During this interview our Engineering Manager, Marc Halliburton was interviewed by Senior editor of Assembly Magazine, Austin Weber on the trends, advancements and expectations customer's have come to demand in the evolving manufacturing climate.
How are today’s rotary indexers different from what was available 3-5 years ago?
As time passes, the technology used to manufacture index drives also evolves. This technology in modern CNC controlled machining equipment allows for revolutionary index drives that offer superior accuracies. It is not to say index drives were not accurate before, but now the accuracy possibilities are ~25% better than they were years ago. Rotary indexers have also evolved to be much stronger due to larger internal components utilizing the same outer dimensions and footprint. This allows for a much more cost-effective index drive to handle an application that in the past was at least one frame larger.
What’s the latest trend in rotary indexers?
By far the latest trend in rotary indexers continues to be the ability to operate the rotary index tables as an auxiliary axis to robots. The main advantage to utilizing a cam driven rotary index table as an auxiliary axis is the zero backlash and the exceptional accuracy that it can provide. This trend began about a decade ago with ‘servo’ index drives, or an index drive that is freely programmable which continues today, with customers asking for this in larger units, but also in the smaller range as well. We handle these programmable units by offering a programmable, constant lead cam index drive, with reducer, ready to accept a robot aux axis motor, servo, AC motor with encoder, DC motor, or any input power desired.
What type of products and/or features are manufacturers looking for today?

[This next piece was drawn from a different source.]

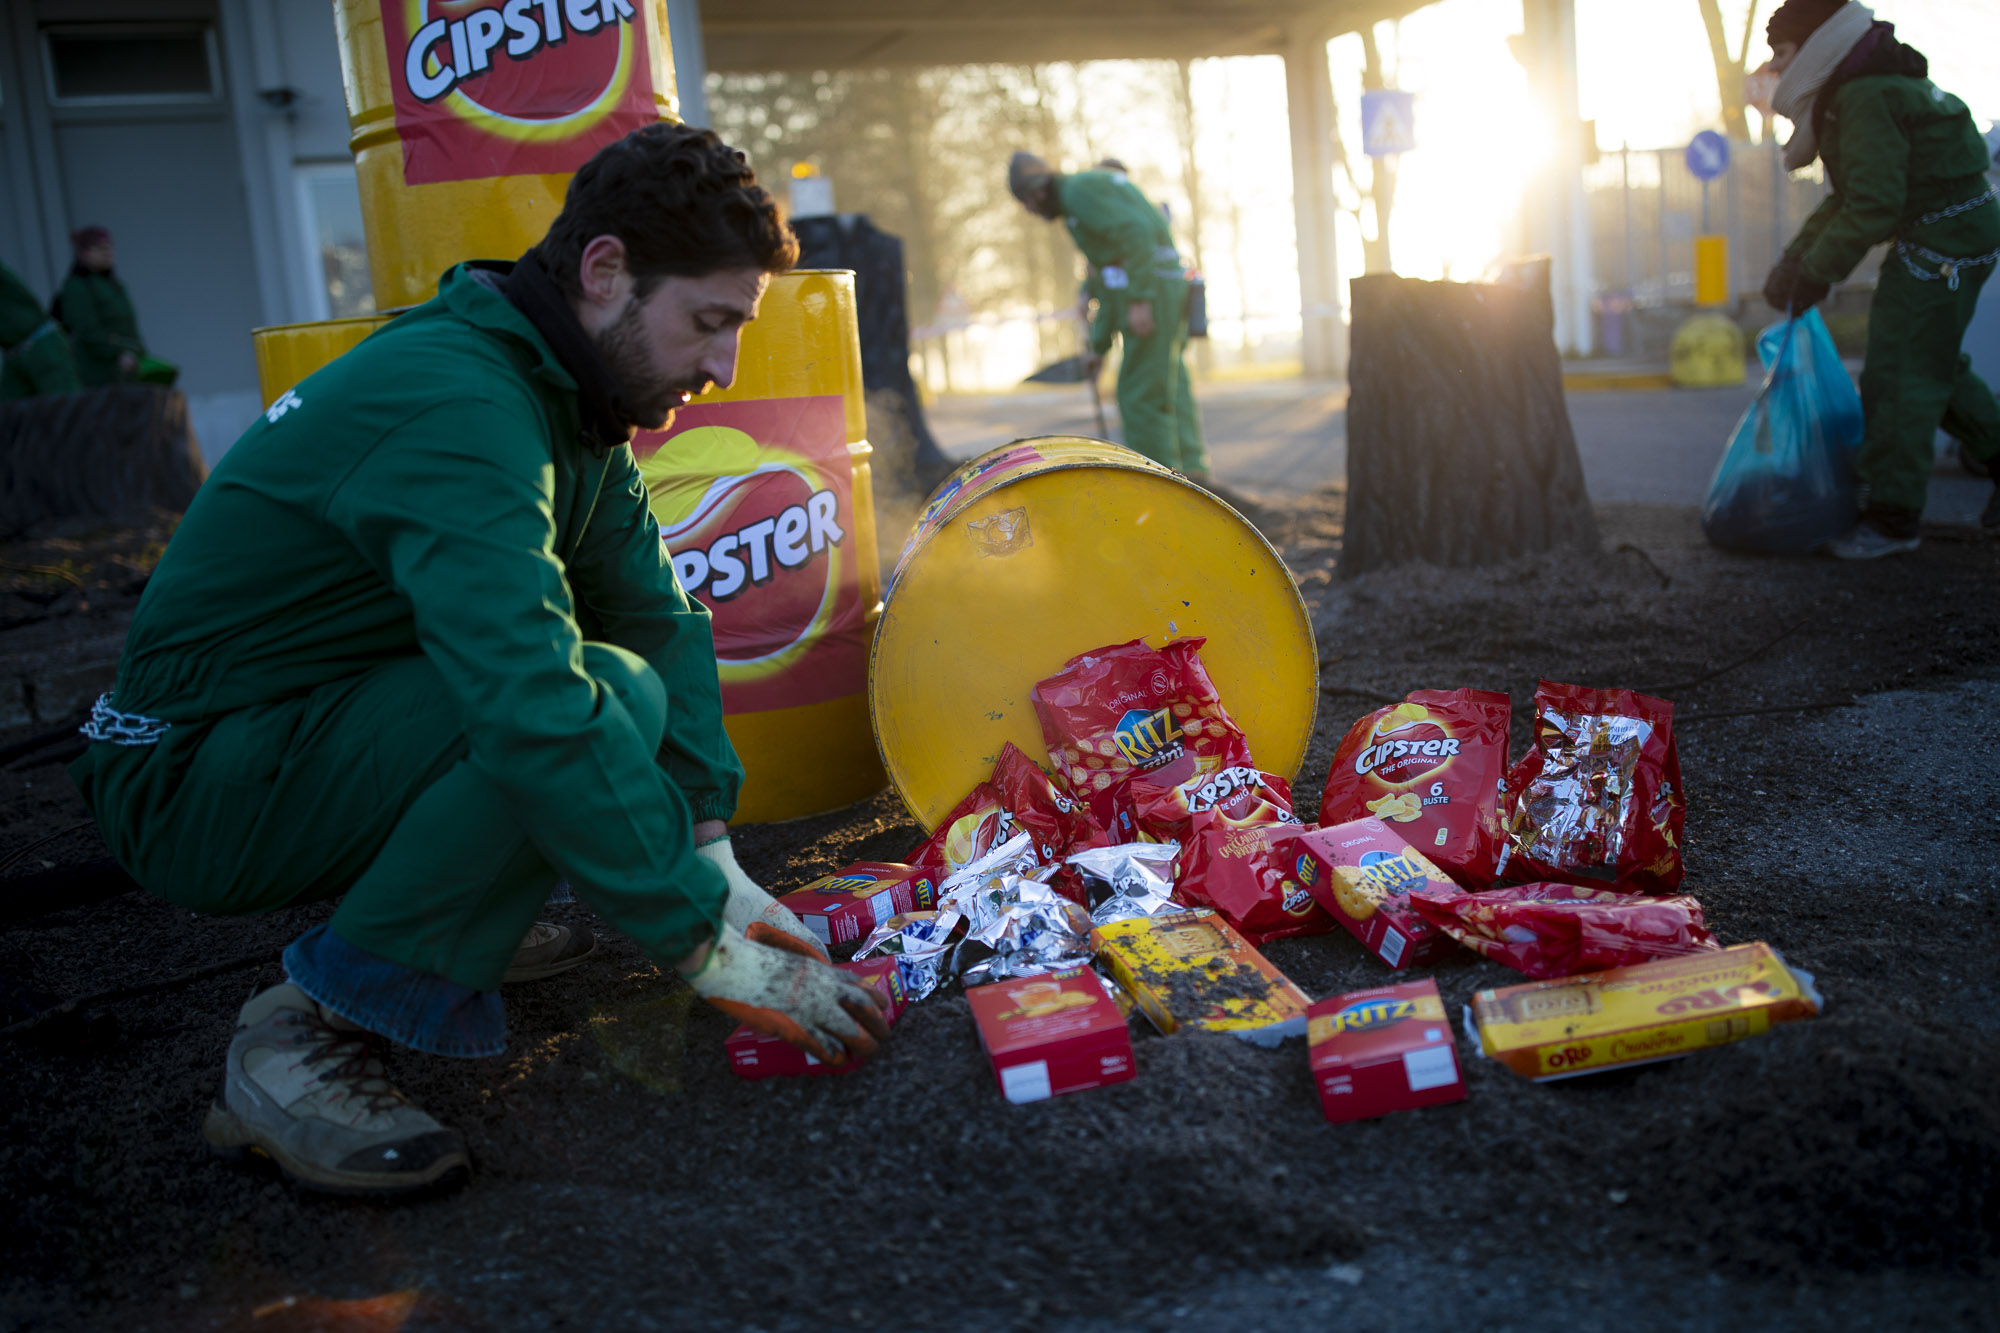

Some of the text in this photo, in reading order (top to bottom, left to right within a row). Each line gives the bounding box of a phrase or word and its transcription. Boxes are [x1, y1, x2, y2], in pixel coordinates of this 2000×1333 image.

Today, manufacturers are looking for the most cost-effective solution for their application, while also looking for the highest speed possible to index a load for the least cost. In addition to these features’ customers expect a maintenance free long-life solution to last the full duration of a program without any maintenance requirements. High speed manufacturing is a driving factor with machines being fully automated and manufacturers are looking to eliminate the transfer time an index drive consumes in the process time. While looking at this, they also want to minimize the cost, so a delicate balance of index time versus cost of the unit is considered when they size an index drive.

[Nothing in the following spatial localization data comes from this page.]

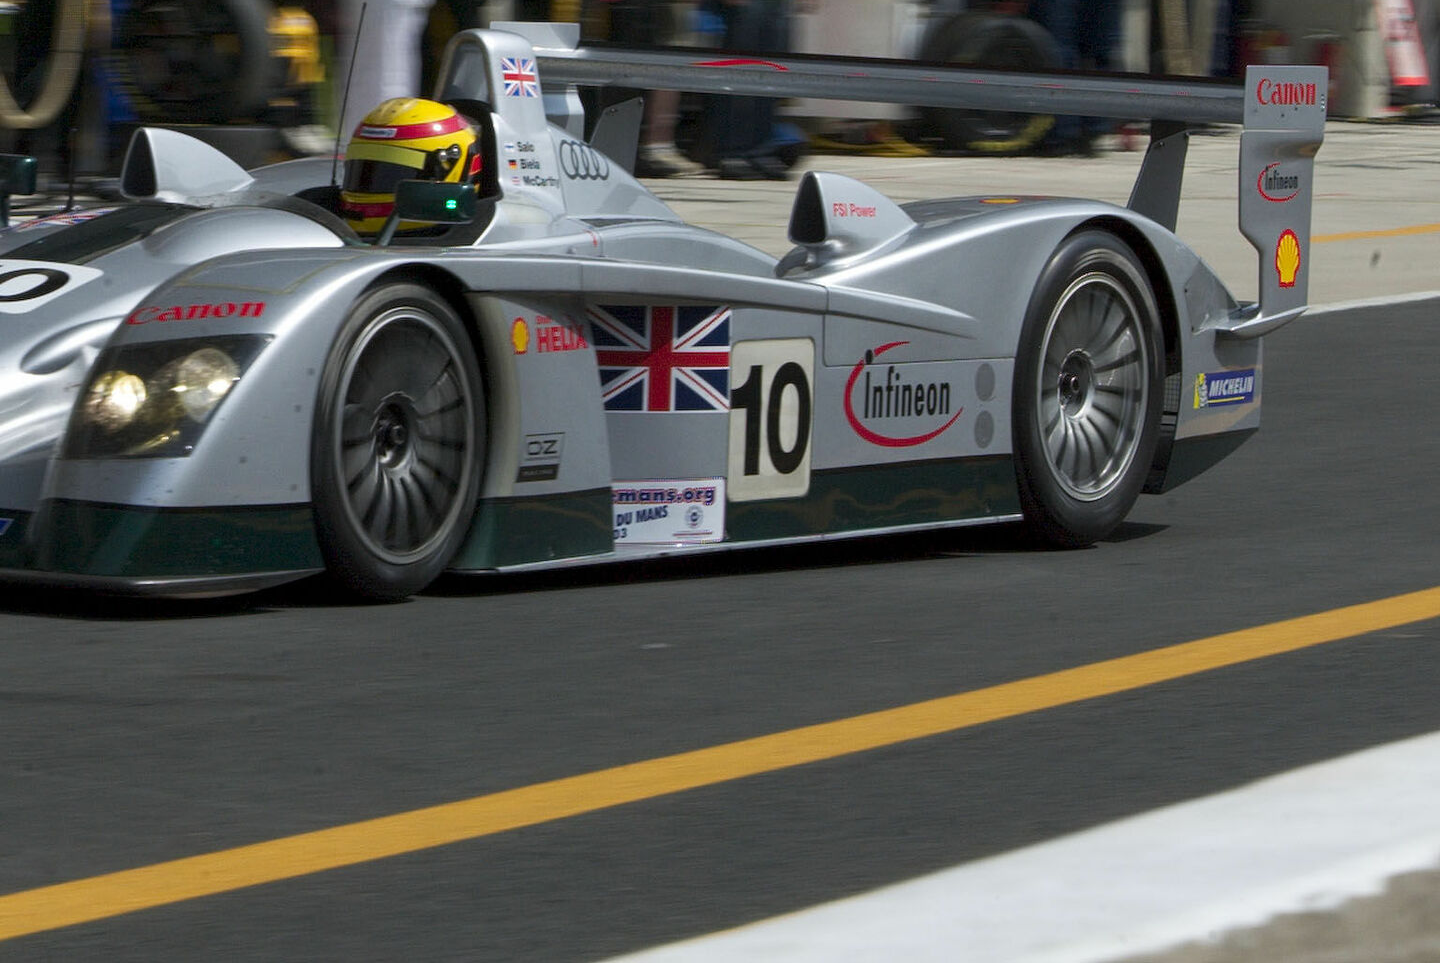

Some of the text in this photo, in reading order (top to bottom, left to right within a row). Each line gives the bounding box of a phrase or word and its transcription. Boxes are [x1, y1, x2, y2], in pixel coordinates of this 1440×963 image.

[1257, 78, 1317, 106] Canon
[520, 158, 541, 170] Biela
[1265, 166, 1299, 191] Infineon
[832, 202, 876, 218] FSI Power
[126, 300, 266, 326] Canon
[535, 323, 590, 353] HELIX
[863, 349, 951, 420] Infineon
[1208, 376, 1254, 397] MICHELIN
[731, 361, 811, 477] 10
[527, 439, 558, 456] OZ
[616, 505, 669, 527] DU MANS

What types of assembly applications typically rely on rotary indexers?
Assembly applications include medical applications like stint tubes, syringes, disposable medical equipment and surgical equipment. They include consumer goods like toothbrushes, floss, razor blades, pens, and cups. They include automobile manufacturing like the vehicle structure, glass installation, and powertrain assembly. They include heavy industrial machinery, like locomotives, medium and heavy-duty truck assembly, and industrial goods like steel fencing and steel goods.
Are you seeing any new or emerging applications?

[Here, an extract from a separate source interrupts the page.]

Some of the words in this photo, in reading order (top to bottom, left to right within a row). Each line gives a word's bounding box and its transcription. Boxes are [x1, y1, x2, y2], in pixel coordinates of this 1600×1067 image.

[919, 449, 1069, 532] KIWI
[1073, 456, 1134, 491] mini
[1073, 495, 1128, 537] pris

Yes, we have seen applications in the medical field for covid-19 supplies and equipment from our medical machine building companies we work with. These applications are high paced and allow limited information to be shared. In addition to medical applications, we are supplying rotary indexers that are being utilized to build automated systems that are being used in the consumer product sector that have been affected by COVID 19 and the increased demand for online shopping.
What is your newest rotary indexing product? What makes it unique?
Our newest rotary indexing product is our TMF350. This revolutionary index drive is the smallest, most compact freely programmable index drives ever created. This unit has the torque and inertial load capacity of an index drive twice its size. It can fit nearly any small compact machine to provide high index speeds, and can be driven by a servo or stepper motor.